**What you should do**.
Without including any pictures, reproduce all the lines below word for word.

[Entries taken from a collection]
• • • • • • •

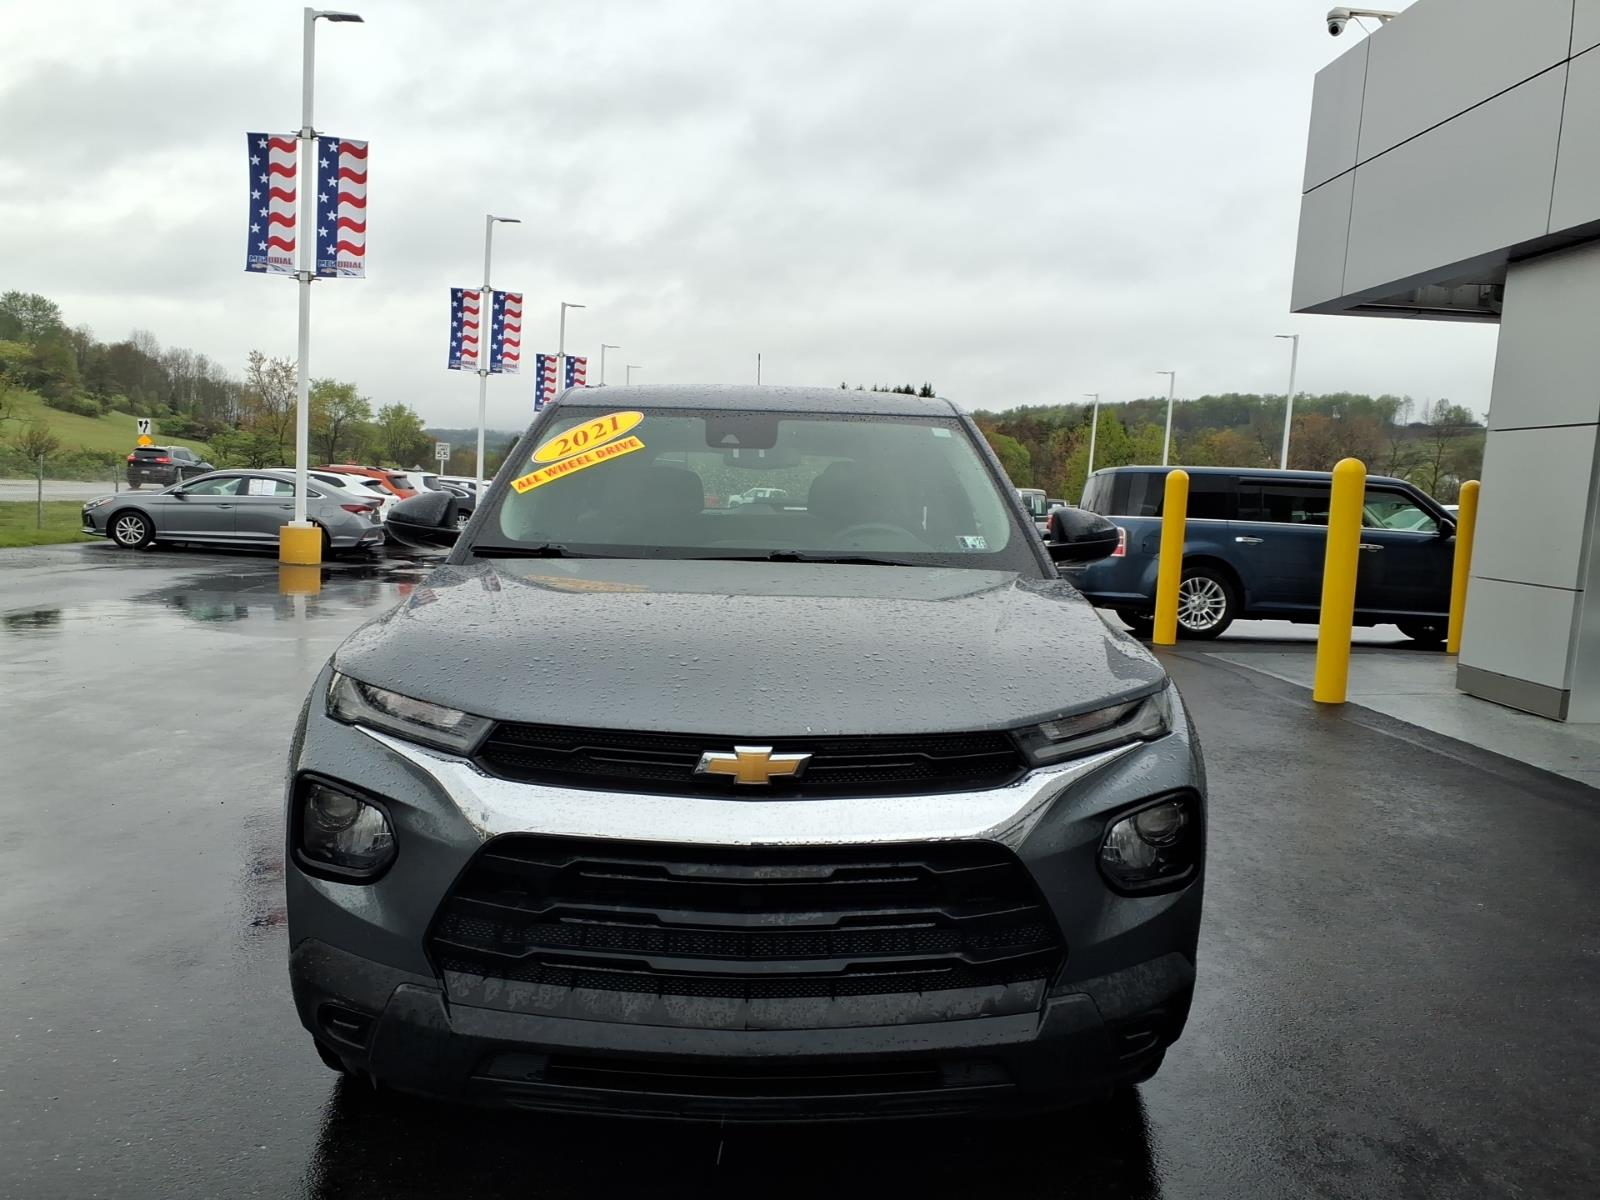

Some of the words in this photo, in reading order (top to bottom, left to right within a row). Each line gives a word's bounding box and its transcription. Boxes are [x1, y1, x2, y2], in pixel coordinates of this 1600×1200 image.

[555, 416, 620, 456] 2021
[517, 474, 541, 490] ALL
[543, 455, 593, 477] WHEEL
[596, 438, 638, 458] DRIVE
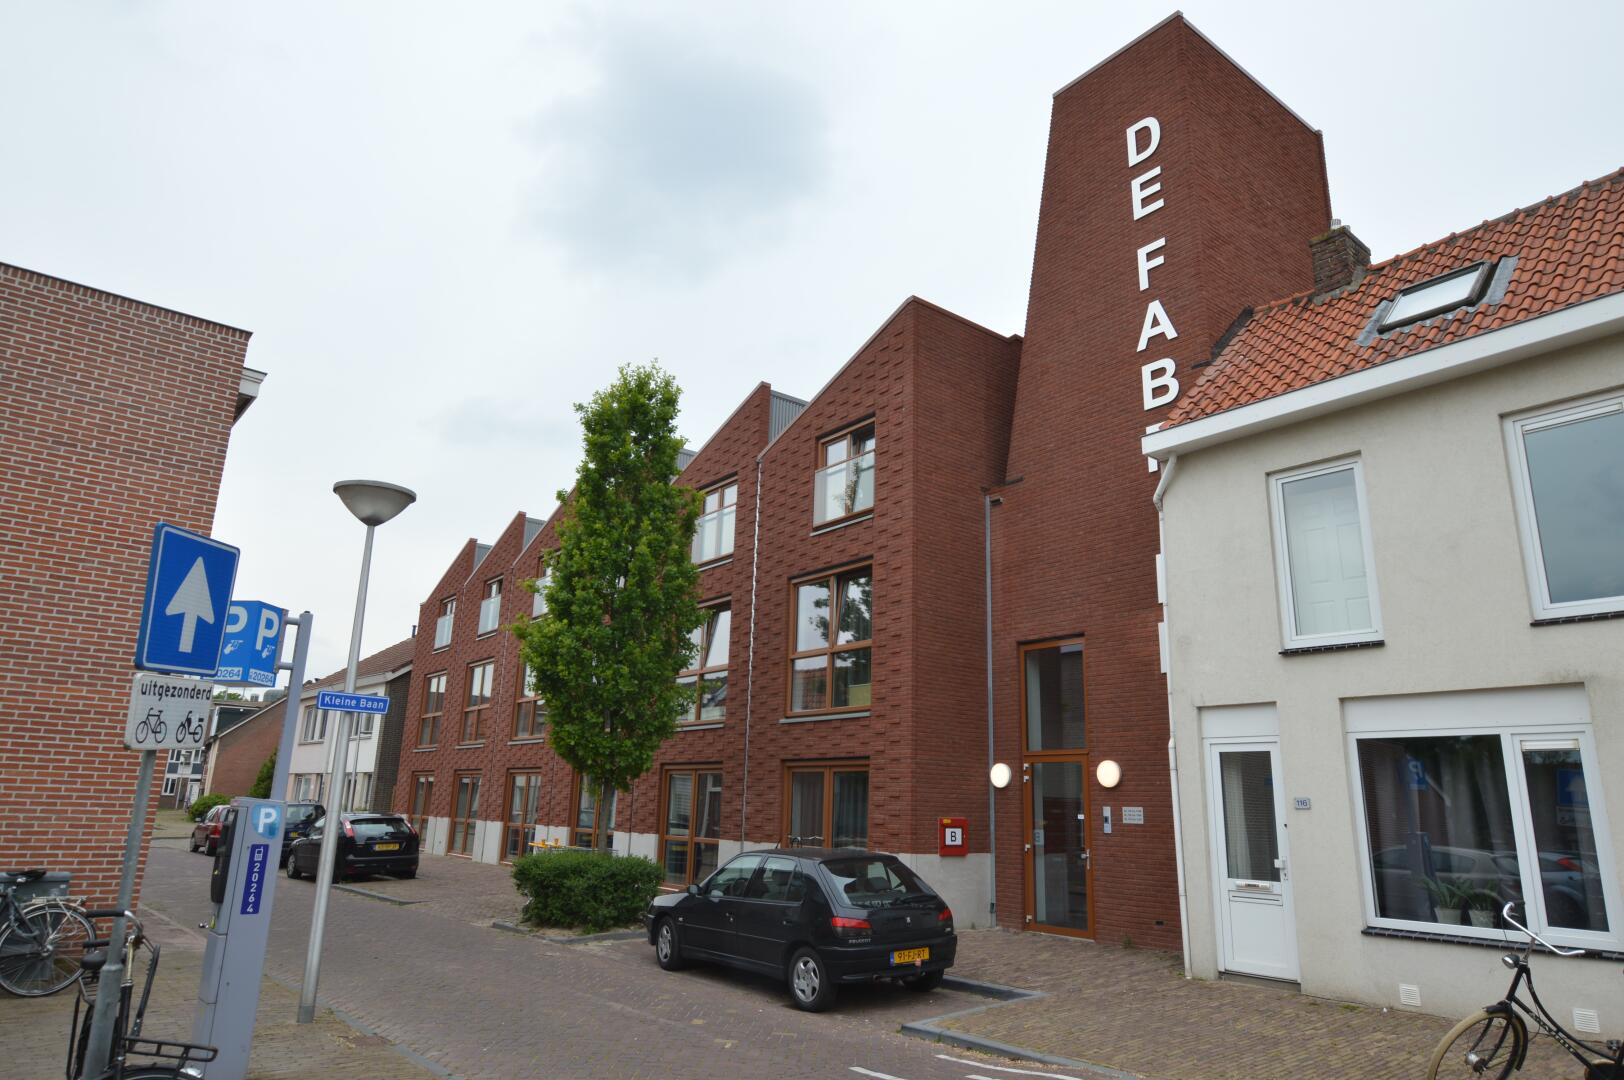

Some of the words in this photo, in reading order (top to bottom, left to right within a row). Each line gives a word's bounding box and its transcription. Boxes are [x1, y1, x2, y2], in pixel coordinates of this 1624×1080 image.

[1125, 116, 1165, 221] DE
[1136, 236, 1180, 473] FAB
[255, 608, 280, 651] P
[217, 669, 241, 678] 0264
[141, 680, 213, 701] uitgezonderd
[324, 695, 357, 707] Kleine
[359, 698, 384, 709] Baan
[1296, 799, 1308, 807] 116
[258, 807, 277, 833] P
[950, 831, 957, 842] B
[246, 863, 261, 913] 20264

• • • • • • •

**Final answer**.
Some of the words in this photo, in reading order (top to bottom, left to right within a row). Each line gives a word's bounding box and its transcription. Boxes are [x1, y1, x2, y2], in pixel coordinates of this 1600×1200 image.

[555, 416, 620, 456] 2021
[517, 474, 541, 490] ALL
[543, 455, 593, 477] WHEEL
[596, 438, 638, 458] DRIVE

Some of the words in this photo, in reading order (top to bottom, left to right within a row). Each line gives a word's bounding box and its transcription. Boxes are [x1, y1, x2, y2], in pixel coordinates of this 1624×1080 image.

[1125, 116, 1165, 221] DE
[1136, 236, 1180, 473] FAB
[255, 608, 280, 651] P
[217, 669, 241, 678] 0264
[141, 680, 213, 701] uitgezonderd
[324, 695, 357, 707] Kleine
[359, 698, 384, 709] Baan
[1296, 799, 1308, 807] 116
[258, 807, 277, 833] P
[950, 831, 957, 842] B
[246, 863, 261, 913] 20264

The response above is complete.